L’historien Simon Epstein dénonce le «double mythe» de l’inertie 
et de l’insouciance des Juifs avant la guerre.

Même quand elles sont visibles, les grandes crises de civilisation sont rarement maîtrisables. Tel est au fond la remarquable – et triste – leçon de cet essai très utile de Simon Epstein consacré à l’attitude du «peuple juif» dans les années qui ont précédé l’arrivée de Hitler au pouvoir. L’auteur, qui s’était déjà illustré par un travail hors des sentiers battus sur un paradoxe français (dont le sous-titre dit tout: Antiracistes dans la ­Collaboration, antisémites dans la Résistance), s’intéresse cette fois-ci à l’attitude des communautés juives dans le monde. L’historien entend dénoncer ce qu’il appelle un «double mythe», à savoir l’inertie et l’insouciance des Juifs avant la guerre. Pour Epstein, ces derniers étaient au contraire majoritairement très conscients de ce qui se tramait et les arguments que l’auteur puise dans toute une vaste littérature – brassant les continents européen, américain et asiatique – sont passionnants pour qui s’intéresse au destin du peuple juif avant son massacre. Mais on peut lire aussi son livre comme une réflexion d’une grande actualité sur la fatalité de l’histoire. Face à une catastrophe qui se prépare, les hommes les plus lucides n’ont généralement pas les moyens de la contrer, tant les forces de l’aveuglement, les esprits routiniers, notamment ceux des dirigeants (il n’est pas simple d’admettre qu’on fait fausse route) et les idéologues les plus bornés, consacrent les erreurs et accélèrent la chute.

Fermeture des frontières

Le choix de l’année 1930 était plus que judicieux. Celle-ci commence comme une année ordinaire. Certes, avec le début de la crise financière, qui frappe Wall Street depuis octobre 1929, la croyance dans les capacités autorégulatrices du capitalisme a commencé à faiblir mais la vulgate dominante depuis un siècle continue à prévaloir. Il faut dire que la crise n’en est qu’à ses débuts et elle reste encore assez peu prononcée, surtout en Europe, et même aux États-Unis, les économistes officiels continuent à répéter que «la reprise est au coin de la rue». Les frontières se ferment mais, contrairement à une opinion trop souvent répandue, ce n’est pas la crise qui a provoqué le début de ce repli. Le pouvoir américain a voté un ensemble de lois dès 1924, en pleine fête du capitalisme financier, qui a mis fin à la grande ouverture. Une histoire exacte du protectionnisme révélerait d’ailleurs bien des surprises aux thuriféraires du «doux commerce».

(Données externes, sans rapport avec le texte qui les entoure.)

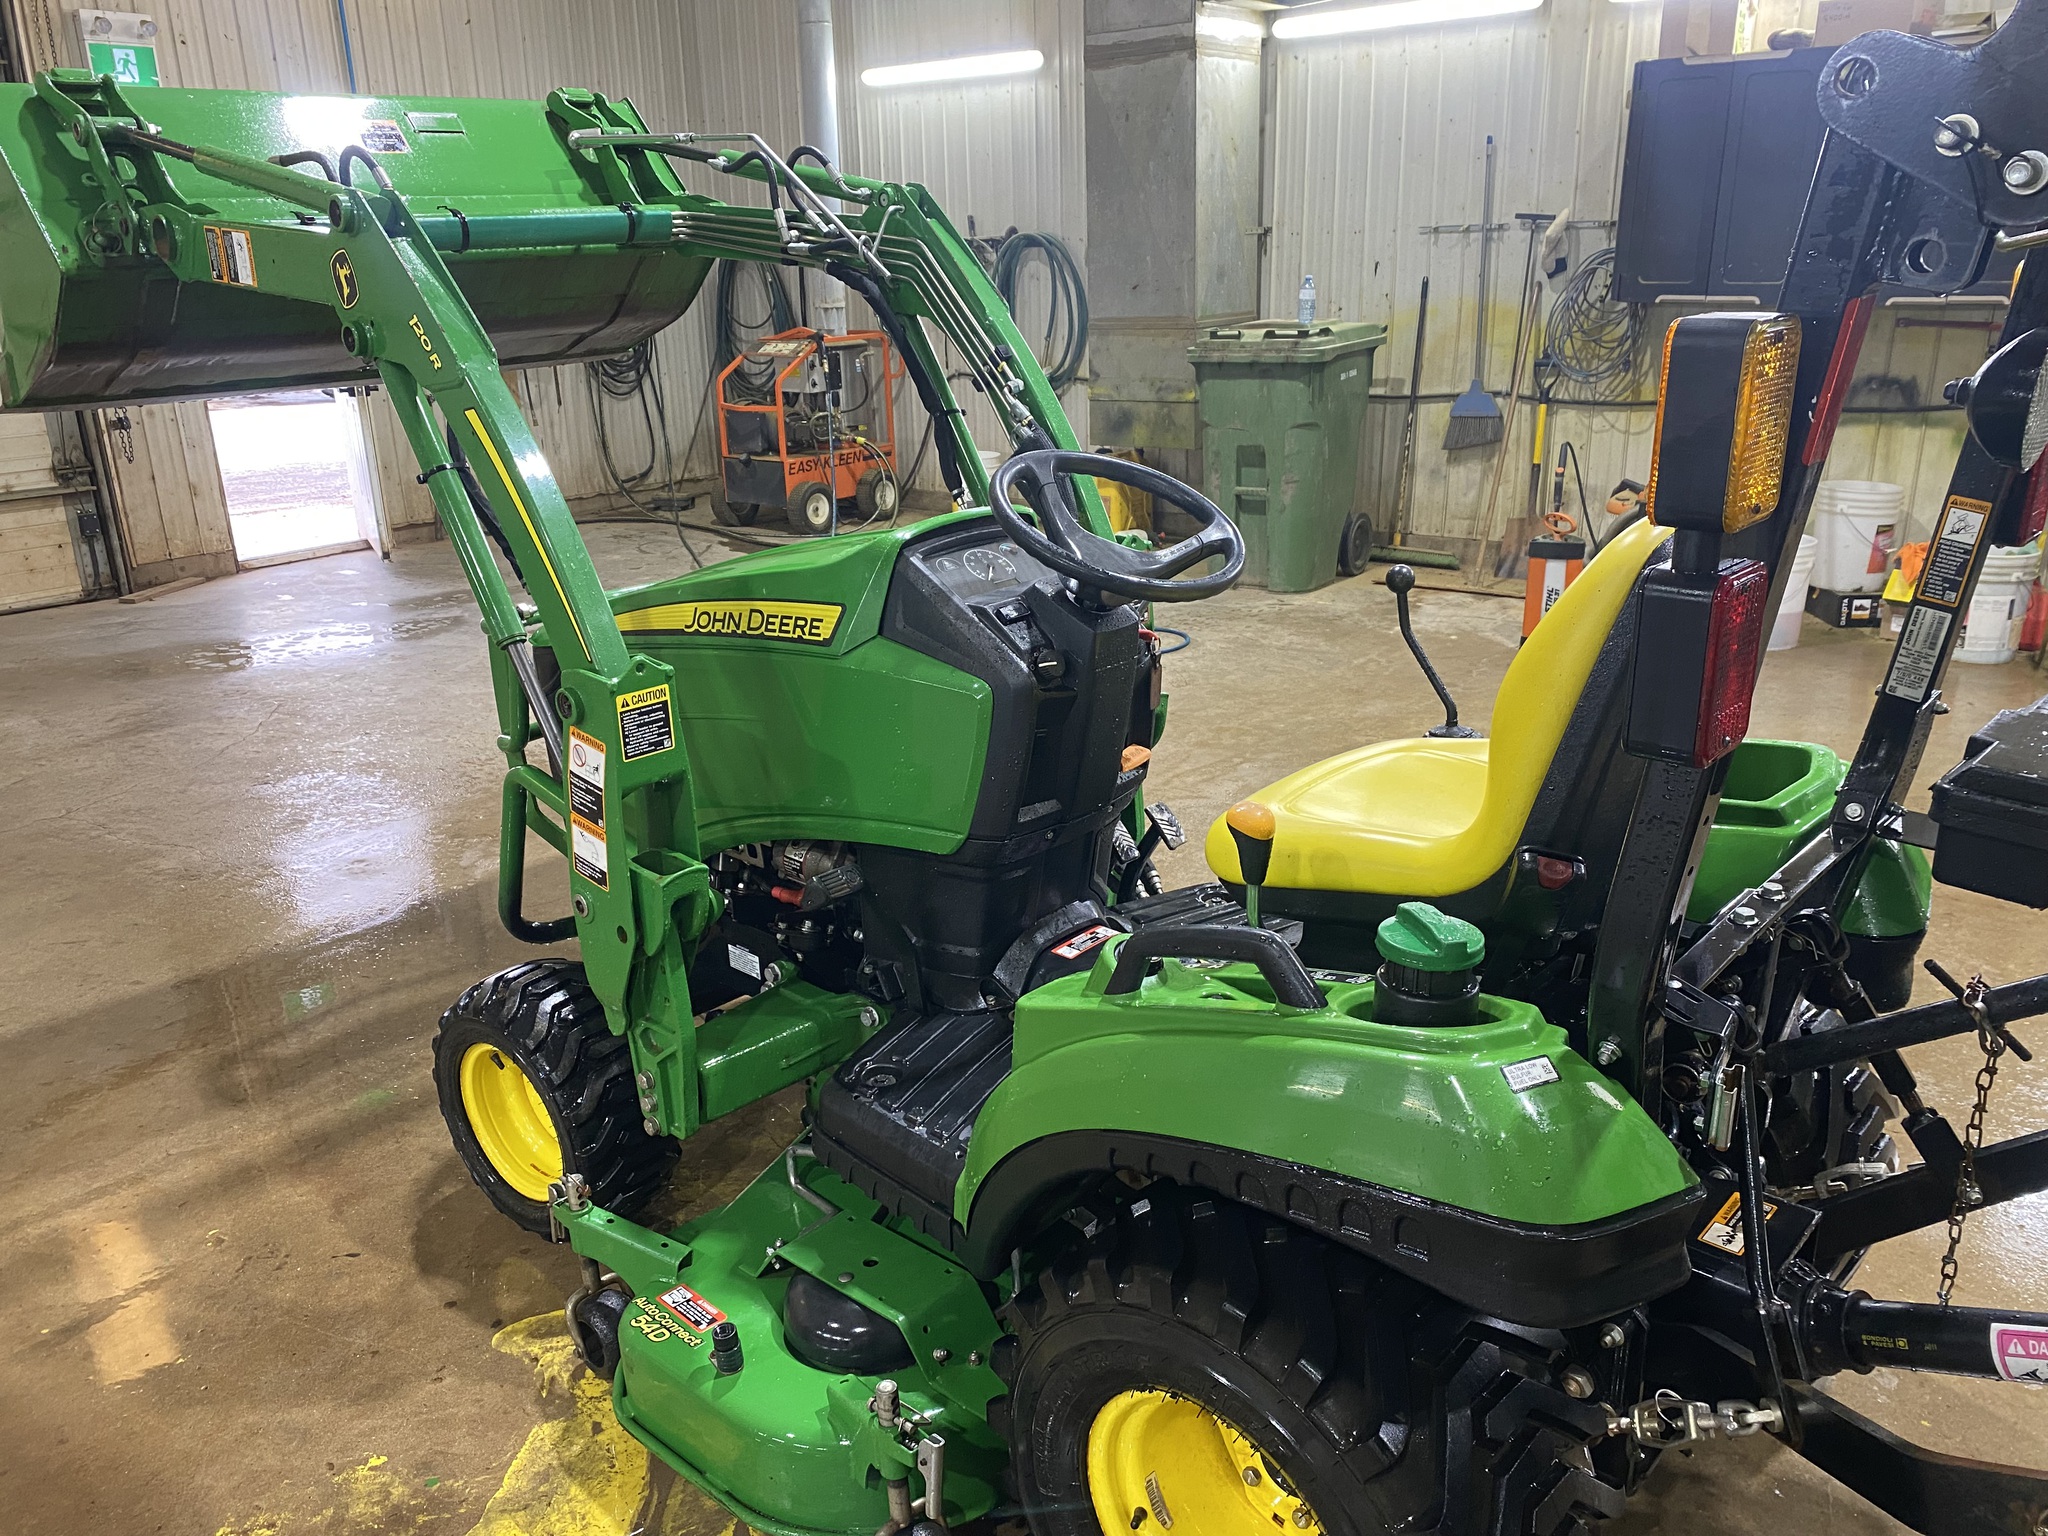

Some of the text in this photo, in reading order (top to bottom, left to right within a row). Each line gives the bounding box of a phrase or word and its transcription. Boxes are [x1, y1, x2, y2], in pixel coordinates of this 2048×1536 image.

[788, 450, 863, 476] EASY KLEEN
[1958, 499, 1989, 513] WARNING
[1545, 587, 1554, 613] STIHL
[684, 607, 824, 639] JOHN DEERE
[1905, 608, 1923, 646] JOHN DEERE
[631, 687, 667, 706] CAUTION
[575, 730, 605, 752] WARNING
[577, 818, 605, 842] WARNING
[1507, 1062, 1538, 1075] ULTRA LOW
[1513, 1074, 1542, 1087] FUEL ONLY
[630, 1313, 671, 1343] 54D
[632, 1296, 704, 1347] AutoConnect
[1861, 1334, 1893, 1343] BONDIOLI
[1870, 1340, 1895, 1349] PAVESI

En 1930, même en Allemagne, l’année s’ouvre avec un certain optimisme. La police est très attentive aux débordements antisémites, surtout à Berlin, où le vice-président des forces de l’ordre est un «Juif activiste».

Une année «tranquille»

Le ciel ne s’assombrit qu’en septembre, lorsque les nazis, qui ne faisaient jusqu’alors que 2,6 % des voix, bondissent à 18,3 %. Hitler a conquis non pas le petit peuple (qui reste majoritairement de gauche) mais les classes moyennes. Ce sont elles qui font basculer le pays. Certes, Hitler assure encore qu’il n’y a rien à craindre. «Un antisémitisme qui provoquerait des pogroms (…) n’a pas sa place dans notre programme politique», déclare le futur responsable de la Shoah à un journaliste du New York Times. On connaît, hélas, la suite…

Le grand intérêt du livre de Simon Epstein est de poursuivre son enquête non seulement dans tous les pays occidentaux, de l’élargir aussi à toute l’Europe de l’Est, où les Juifs forment une «nation» en tant que telle, ainsi que la Palestine. On dispose ainsi d’un aperçu sans pareil d’une année a priori tranquille dans l’histoire du peuple juif et dans l’histoire de l’humanité. Passionnant et effrayant.

«1930.Une année dans l’histoire du peuple juif» de Simon Epstein, Stock, 340 p., 21,50 €.